Afghan teenager stabs and kills US sergeant playing with children
A US soldier died in Afghanistan after a local teenager stabbed him in the neck from behind while the 26-year old sergeant was playing with children. The attacker is reportedly not a member of the Afghan security forces.

Sgt. Michael Cable was guarding Afghan and US officials, who had arrived last Wednesday for a swearing-in ceremony for Afghan police in Nangarhar province’s Shinwar district, two senior US officials said Monday. The two sources spoke on condition of anonymity, as the investigation is ongoing.  

The American soldier was playing with local children outside the security cordon when the attacker approached him from behind and stabbed him in the neck with a large knife, according to senior district official Zalmai Khan, who added that the young man then escaped to nearby Pakistan.

He was not a member of the Afghan security forces, and was not wearing their uniform.

According to Taliban spokesperson Zabiullah Mujahid, the teen was acting independently when he stabbed the soldier, but then joined the Islamist militant movement after fleeing, AP reported.

Mujahid later identified the young attacker as a 16-year-old local man named Khalid.

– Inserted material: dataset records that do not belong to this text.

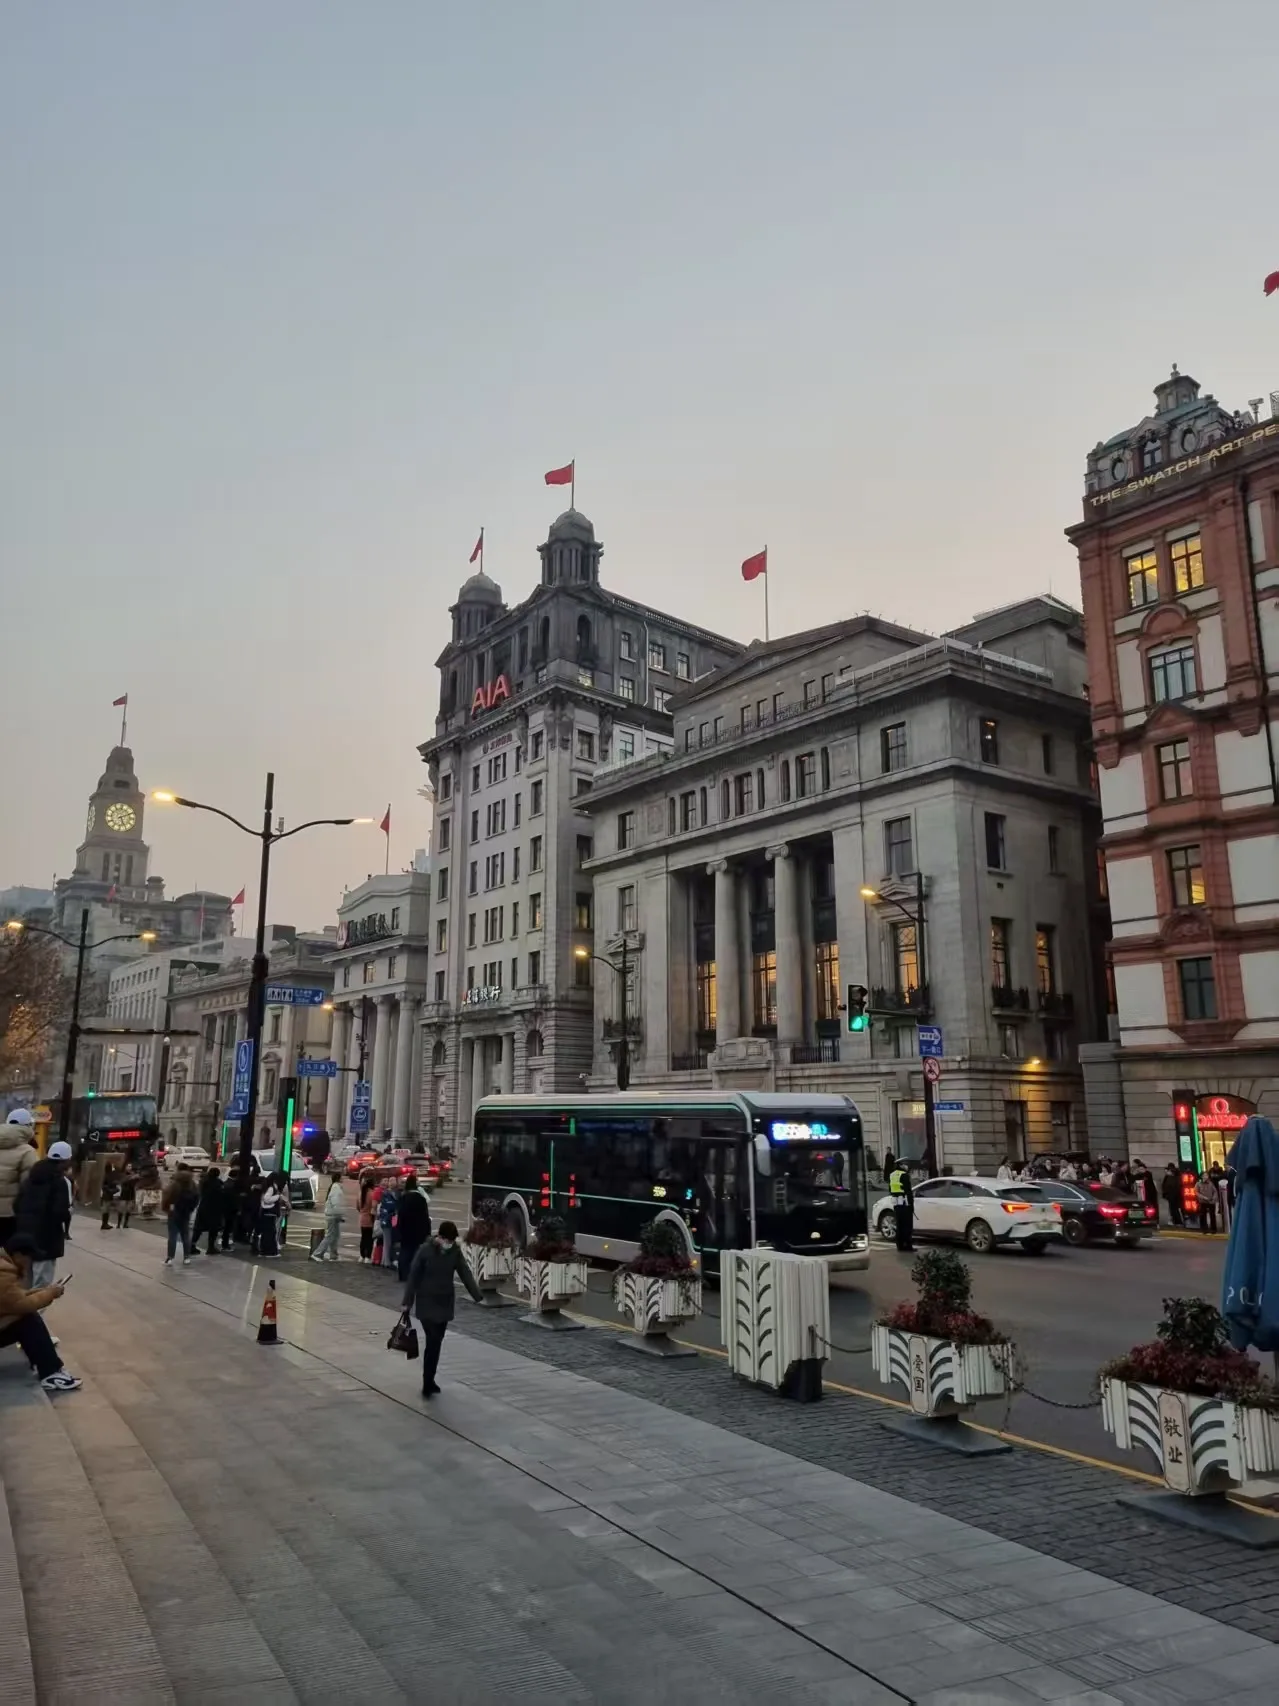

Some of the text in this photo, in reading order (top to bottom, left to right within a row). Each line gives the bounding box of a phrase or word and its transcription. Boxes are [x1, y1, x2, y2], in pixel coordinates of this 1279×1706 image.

[1090, 424, 1279, 507] THE SWATCH ART PE
[470, 674, 511, 715] AIA
[1197, 1113, 1248, 1128] OMEGA
[913, 1354, 924, 1393] 爱国
[1163, 1417, 1183, 1464] 敬业

The Pentagon claimed last week that Sergeant Cable had died from injuries sustained when his unit was attacked by enemy forces.

Cable's body is expected to be returned to Owensboro in western Kentucky on Thursday with the funeral set for Saturday.

Sgt. Michael Cable stands on duty in Afghanistan (Photo from Facebook user michael.cable.1238)

According to AP, the sergeant was "prepared before he left for anything that happened" in Afghanistan.

While meeting family members before leaving for Afghanistan Cable told them that the deployment was extremely hazardous. He urged his loved ones and friends to "continue to enjoy life" if he was killed, AP reports.

The fatal stabbing comes amid an increase in the number of US troop deaths in the country – 14 in March, compared to four in the previous two months, AP said.

NATO starts withdrawing troops from Afghanistan to fulfil President Barack Obama’s decision to remove 34,000 American troops within one year, leaving behind a fragile and unpopular national government and a strong armed opposition, “with a severely damaged and very weak economic base, heavily dependent upon external aid.”

Still, the transition talks between Kabul and the US-led ISAF are continuing amid bitter accusations and recriminations.

The Afghan government blames foreign forces for killing innocent civilians.

One of the most deadly attacks claimed lives of 40 people, guests at a wedding in a remote village. In another tragedy, 16 people - including nine children and three women – were killed by a US soldier who opened fire after suffering a 'mental breakdown'.

Afghan President Hamid Karzai has repeatedly urged the United States to fully stop “the repetition of such awkward incidents” and ensure that military operations aimed at finding terrorists do not harm civilians.

In mid-March, the UK military argued that NATO troops in Afghanistan unsuccessfully tried to impose a foreign ideology in a war unwinnable by military means.

Meanwhile, the 12-years long war in Afghanistan along with the war in Iraq, are said to be “the most expensive wars in US history” with estimated cost for taxpayers reaching up to $6 trillion.